Let us begin with the paucity of the Ottoman linguistic legacy. At one time, there was a considerable penetration of Ottoman Turkish into the various languages; for example, Turkish words accounted for one-sixth of all Rumanian vocabulary during the pre-independence nineteenth century. Today, however, just a few words survive although, generally, somewhat more Turkish elements persist in other Balkan languages, including Greek, Serbo-Croatian, and Bulgarian. In the former Anatolian and Arab provinces, relatively little of the Ottoman language survives and it is vanishing quickly. Part of the explanation lies in the size and character of the Ottoman literary elite that was both small and mainly Muslim. Hence, when the successor states launched their literacy drives after gaining independence, they were working mainly with an illiterate populace and thus had few existing literary conventions to overcome. In the Balkan provinces, moreover, the Ottoman administrative elites fled with the success of the breakaway movements, leaving few living links to the Ottoman literary heritage. These features, however, only partially explain the absence of an Ottoman linguistic heritage. We also must consider that all of the post-Ottoman regimes launched linguistic purges, that were sustained efforts to eliminate Ottoman usages from the emerging national languages of the successor states. Hence Turkish governmental programs eliminated the Arabic and Persian words (more than 50 percent of the total) that had crept into Ottoman while the Syrian and Bulgarian states – otherwise so different – respectively erased Turkish words from Arabic and Bulgarian.
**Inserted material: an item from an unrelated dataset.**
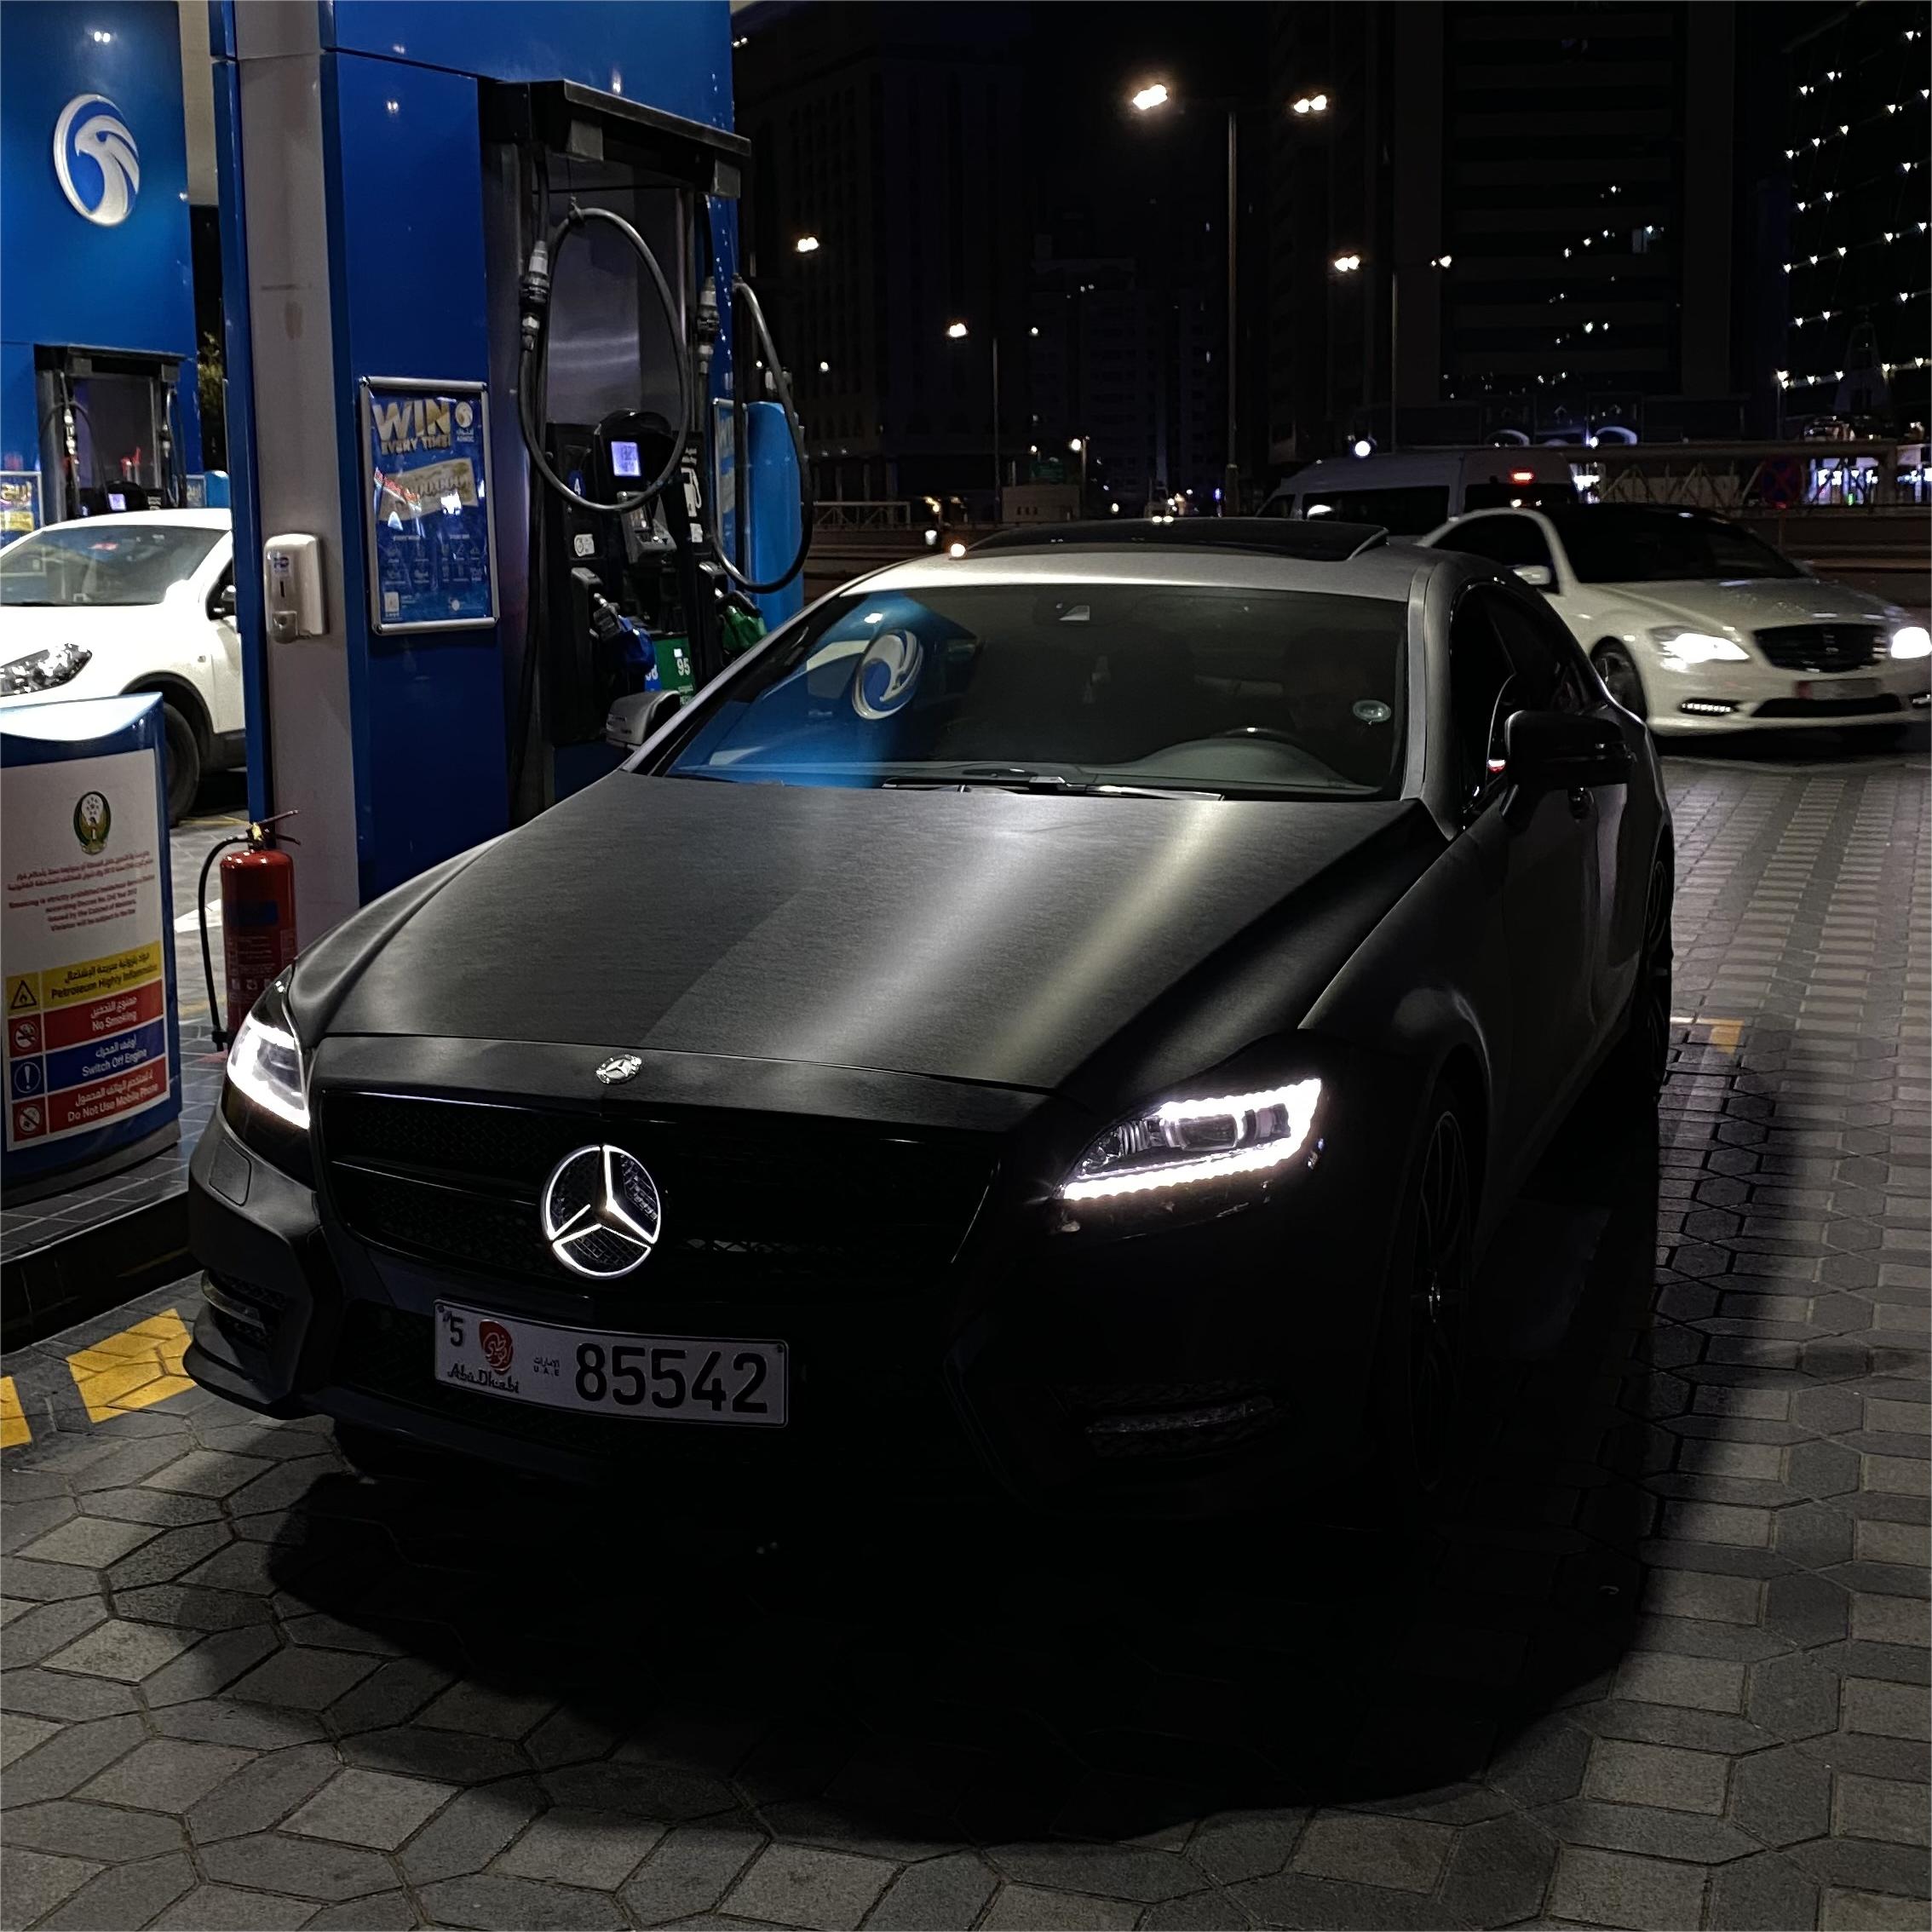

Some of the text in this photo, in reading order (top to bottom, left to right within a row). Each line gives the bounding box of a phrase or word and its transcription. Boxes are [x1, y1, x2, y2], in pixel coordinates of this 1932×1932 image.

The linguistic purges derived from negative views that policy-makers in almost all of the successor states held of the Ottoman past, a function of their determination to fully expunge Ottoman elements from the national identities they were creating. That is, the hostility owes less to actual Ottoman policies in the past and more to the post-Ottoman history of these countries, specifically, their state building processes. In all of the successor states – from Serbia to Bulgaria to Turkey to Syria and Iraq – vilification of the Ottoman past accompanied state formation. For each people, the Ottomans served as the “other” – what they were not – and as the suppressor of long-cherished “national” values that had been submerged during the long Ottoman centuries. Thus, the Balkan, Arab, and Anatolian successor states for decades rejected the Ottoman legacy in their respective quests for identity in the post-Ottoman era. Here, it is important to consider that the imperial system being rejected died quite recently, just over seventy-five years ago. Hence, the process we are observing is very much in a state of flux.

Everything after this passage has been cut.